» **Problem statement**: Write out, exactly and in full, the records given below, but not their pictures.
═════ Entries provided ═════
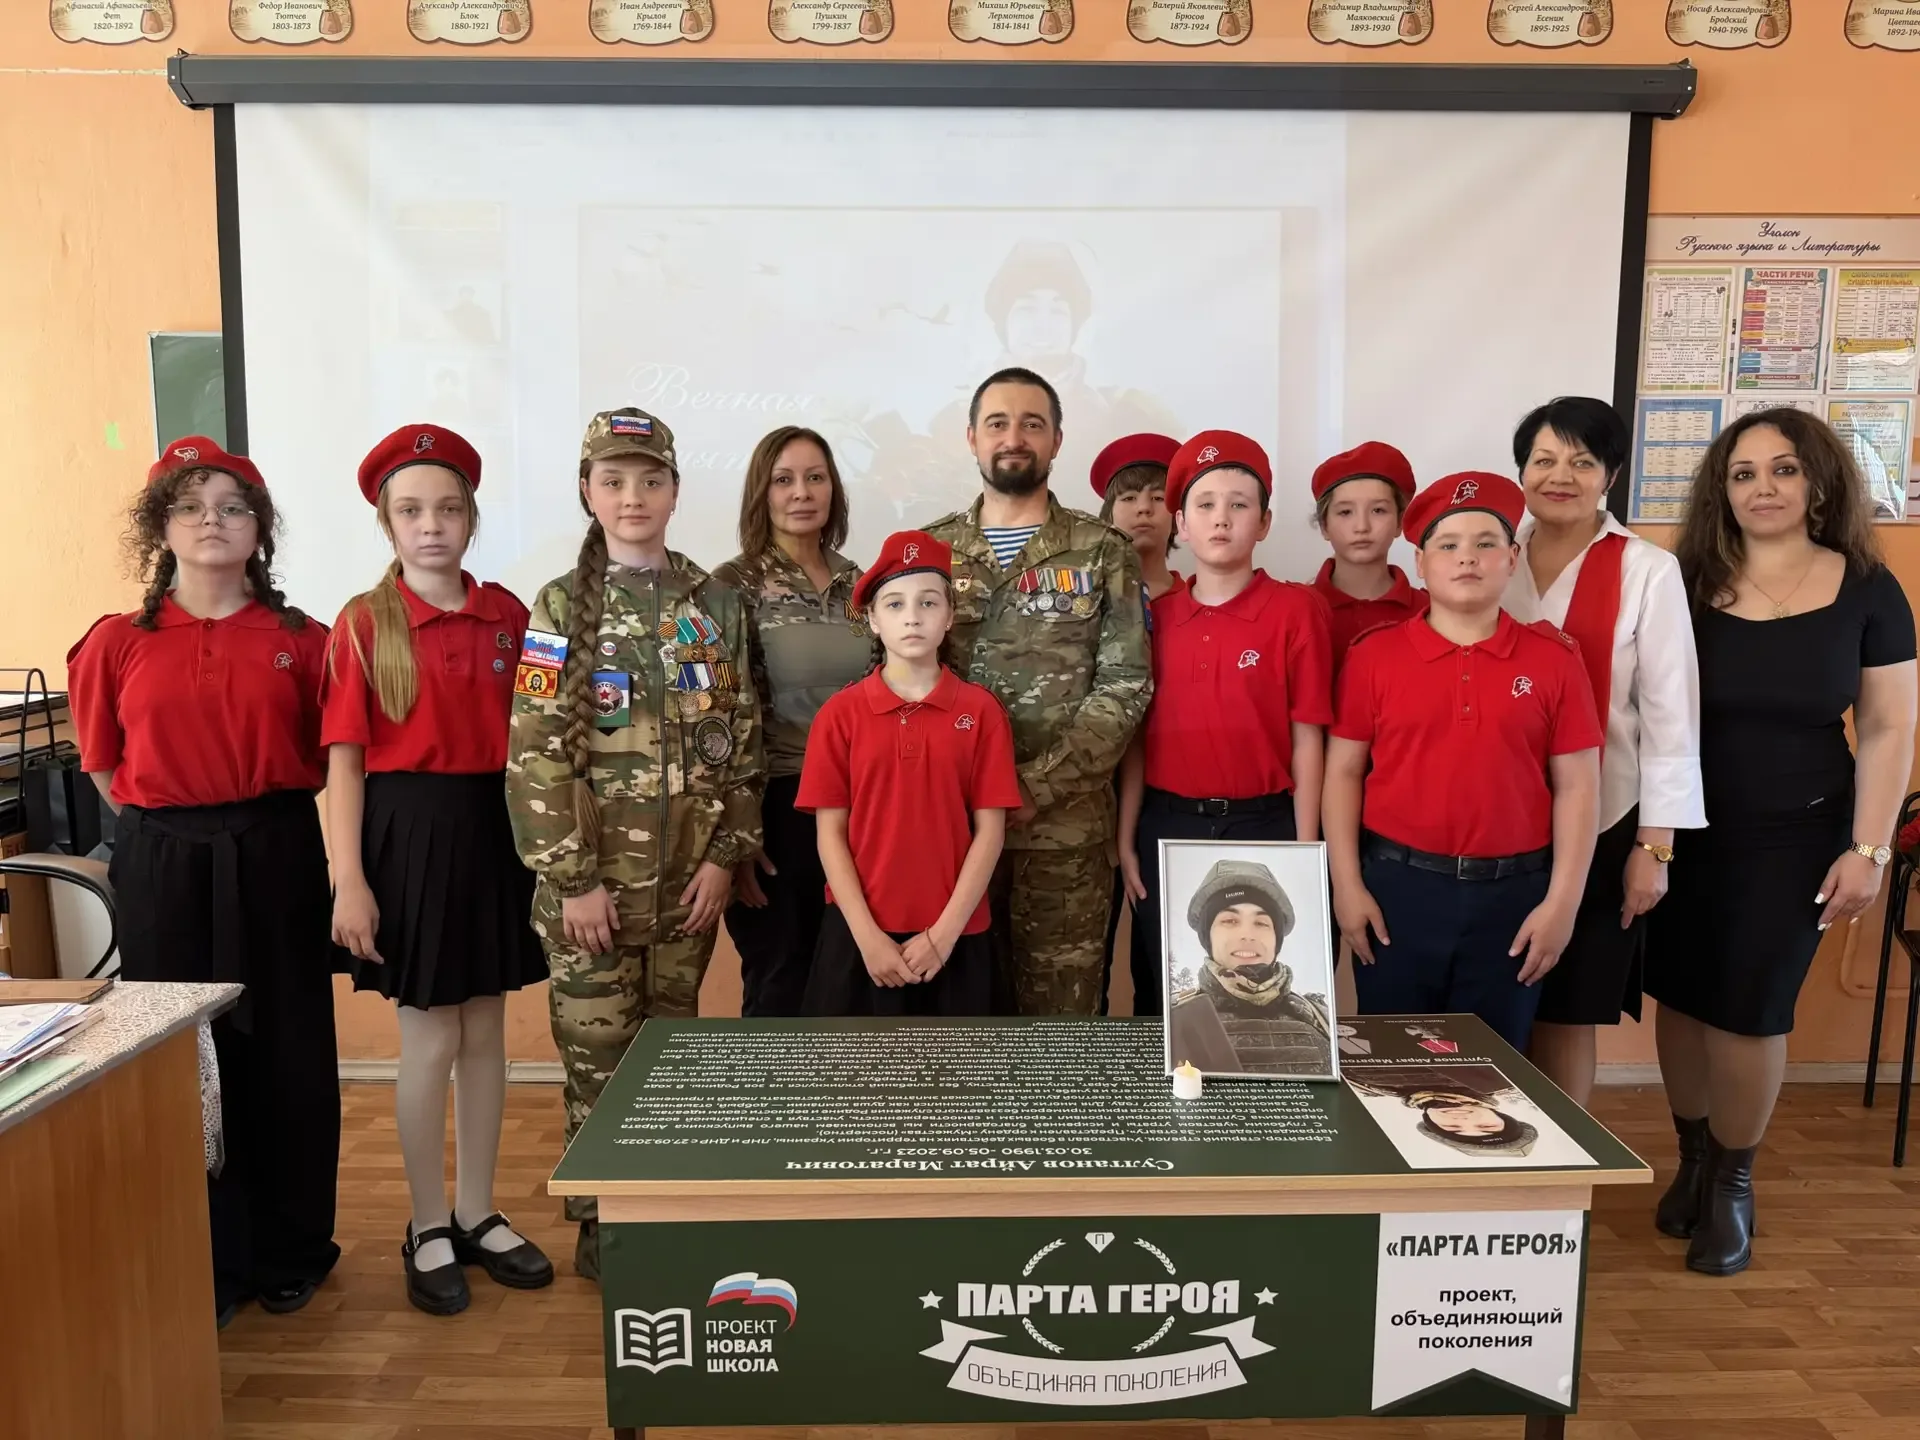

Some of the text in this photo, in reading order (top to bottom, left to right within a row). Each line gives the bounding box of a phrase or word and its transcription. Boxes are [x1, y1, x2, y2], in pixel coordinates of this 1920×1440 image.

[106, 2, 154, 10] Афанасьеви
[258, 2, 282, 10] Федор
[418, 2, 520, 10] Александр Александрович
[620, 2, 682, 10] Иван Андреевич
[790, 2, 831, 10] Александр
[1010, 2, 1045, 10] Юрьевич
[1152, 2, 1230, 10] Валерий Яковлевич
[1507, 4, 1534, 12] Сергей
[1686, 5, 1713, 14] Иосиф
[103, 12, 120, 20] Фет
[814, 12, 848, 20] Пушкин
[988, 12, 1034, 20] Лермонтов
[1872, 8, 1904, 16] Марина
[1536, 14, 1564, 22] Есенин
[1710, 16, 1748, 24] Бродский
[1758, 221, 1801, 238] Уголок
[1676, 235, 1732, 256] Русского
[1736, 243, 1774, 256] языка
[1792, 236, 1881, 256] Литературы
[1756, 270, 1814, 278] ЧАСТИ РЕЧИ
[1002, 1147, 1092, 1156] 30.03.1990
[785, 1158, 1174, 1171] Султанов Айрат Маратович
[1386, 1232, 1578, 1257] «ПАРТА ГЕРОЯ»
[957, 1280, 1240, 1317] ПАРТА ГЕРОЯ
[1439, 1289, 1517, 1306] проект,
[1390, 1308, 1562, 1328] объединяющий
[706, 1320, 777, 1334] ПРОЕКТ
[706, 1339, 772, 1353] НОВАЯ
[1418, 1335, 1533, 1349] поколения
[706, 1358, 780, 1373] ШКОЛА
[968, 1359, 1227, 1393] ОБЪЕДИНЯЯ ПОКОЛЕНИЯ
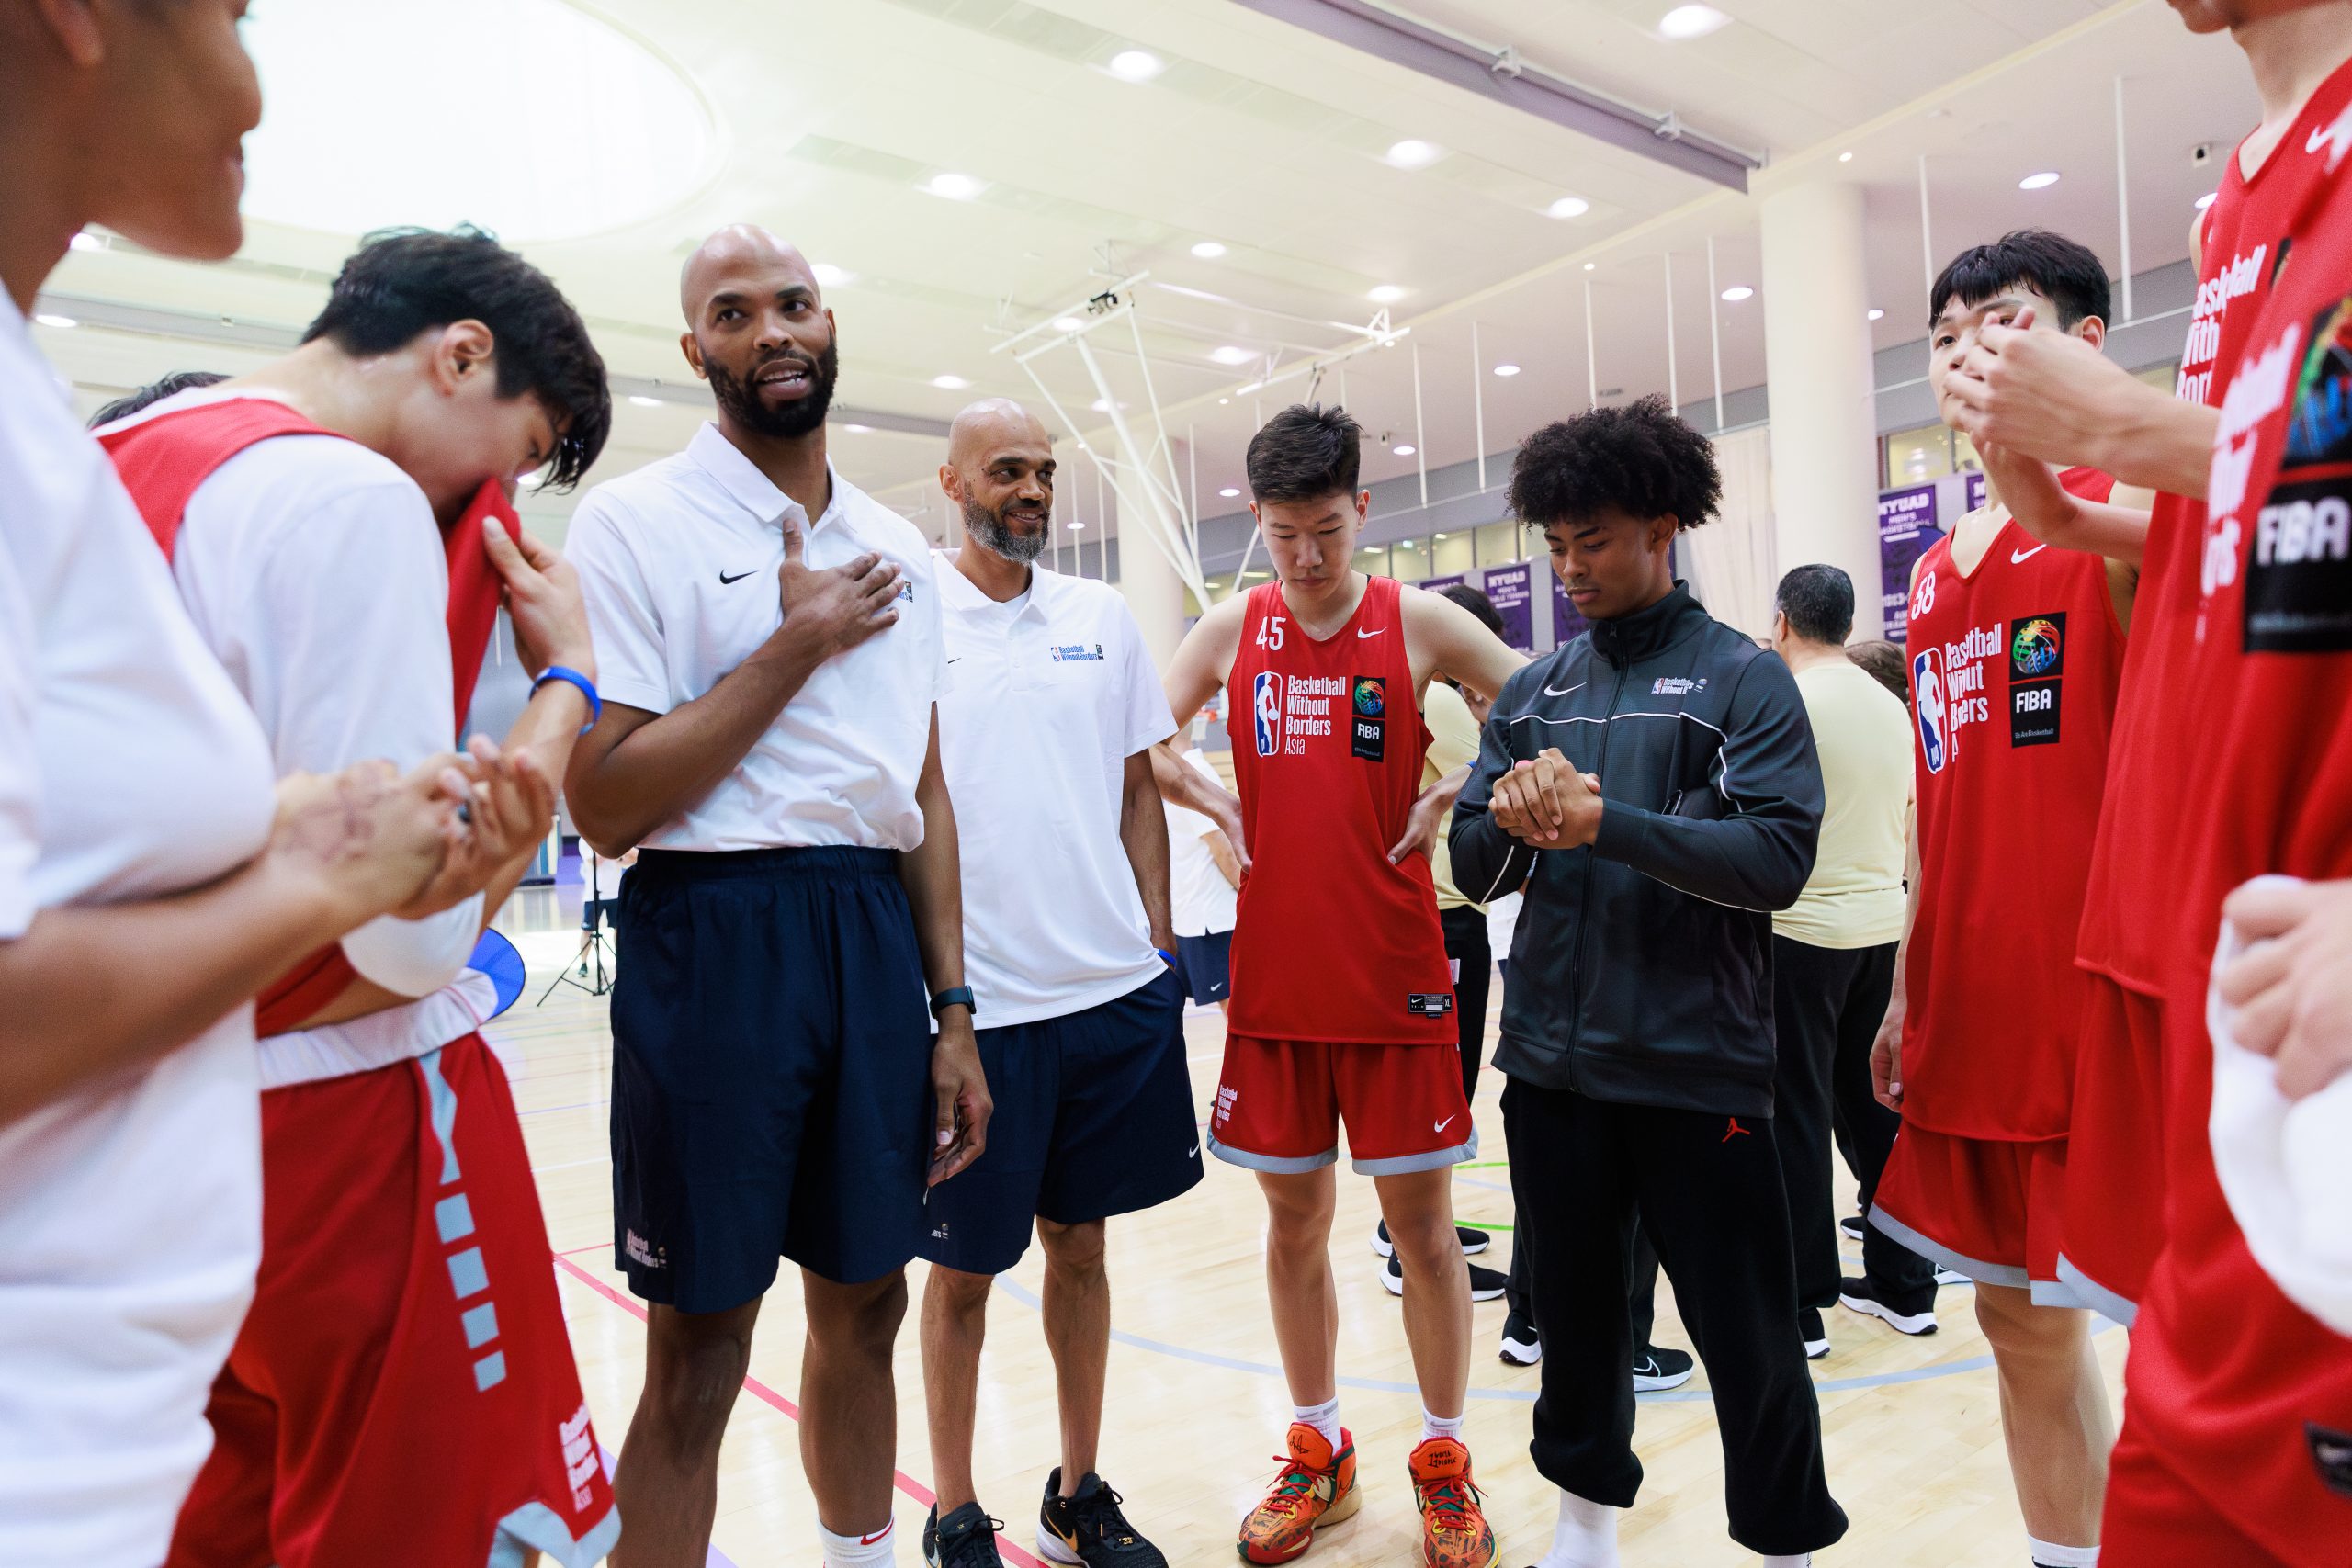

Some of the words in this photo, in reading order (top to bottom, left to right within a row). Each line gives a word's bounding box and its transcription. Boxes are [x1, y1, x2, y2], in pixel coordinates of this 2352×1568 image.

[1911, 570, 1936, 620] 58
[1256, 616, 1286, 650] 45
[1288, 675, 1346, 695] Basketball
[1287, 694, 1329, 716] Without
[2016, 688, 2052, 714] FIBA
[1286, 715, 1331, 736] Borders
[1358, 723, 1380, 740] FIBA
[1284, 735, 1306, 755] Asia
═════
» **Finished task**:
Some of the text in this photo, in reading order (top to bottom, left to right within a row). Each line gives the bounding box of a phrase or word and its transcription. Boxes are [x1, y1, x2, y2], in pixel coordinates of this 1920×1440 image.

[106, 2, 154, 10] Афанасьеви
[258, 2, 282, 10] Федор
[418, 2, 520, 10] Александр Александрович
[620, 2, 682, 10] Иван Андреевич
[790, 2, 831, 10] Александр
[1010, 2, 1045, 10] Юрьевич
[1152, 2, 1230, 10] Валерий Яковлевич
[1507, 4, 1534, 12] Сергей
[1686, 5, 1713, 14] Иосиф
[103, 12, 120, 20] Фет
[814, 12, 848, 20] Пушкин
[988, 12, 1034, 20] Лермонтов
[1872, 8, 1904, 16] Марина
[1536, 14, 1564, 22] Есенин
[1710, 16, 1748, 24] Бродский
[1758, 221, 1801, 238] Уголок
[1676, 235, 1732, 256] Русского
[1736, 243, 1774, 256] языка
[1792, 236, 1881, 256] Литературы
[1756, 270, 1814, 278] ЧАСТИ РЕЧИ
[1002, 1147, 1092, 1156] 30.03.1990
[785, 1158, 1174, 1171] Султанов Айрат Маратович
[1386, 1232, 1578, 1257] «ПАРТА ГЕРОЯ»
[957, 1280, 1240, 1317] ПАРТА ГЕРОЯ
[1439, 1289, 1517, 1306] проект,
[1390, 1308, 1562, 1328] объединяющий
[706, 1320, 777, 1334] ПРОЕКТ
[706, 1339, 772, 1353] НОВАЯ
[1418, 1335, 1533, 1349] поколения
[706, 1358, 780, 1373] ШКОЛА
[968, 1359, 1227, 1393] ОБЪЕДИНЯЯ ПОКОЛЕНИЯ

Some of the words in this photo, in reading order (top to bottom, left to right within a row). Each line gives a word's bounding box and its transcription. Boxes are [x1, y1, x2, y2], in pixel coordinates of this 2352×1568 image.

[1911, 570, 1936, 620] 58
[1256, 616, 1286, 650] 45
[1288, 675, 1346, 695] Basketball
[1287, 694, 1329, 716] Without
[2016, 688, 2052, 714] FIBA
[1286, 715, 1331, 736] Borders
[1358, 723, 1380, 740] FIBA
[1284, 735, 1306, 755] Asia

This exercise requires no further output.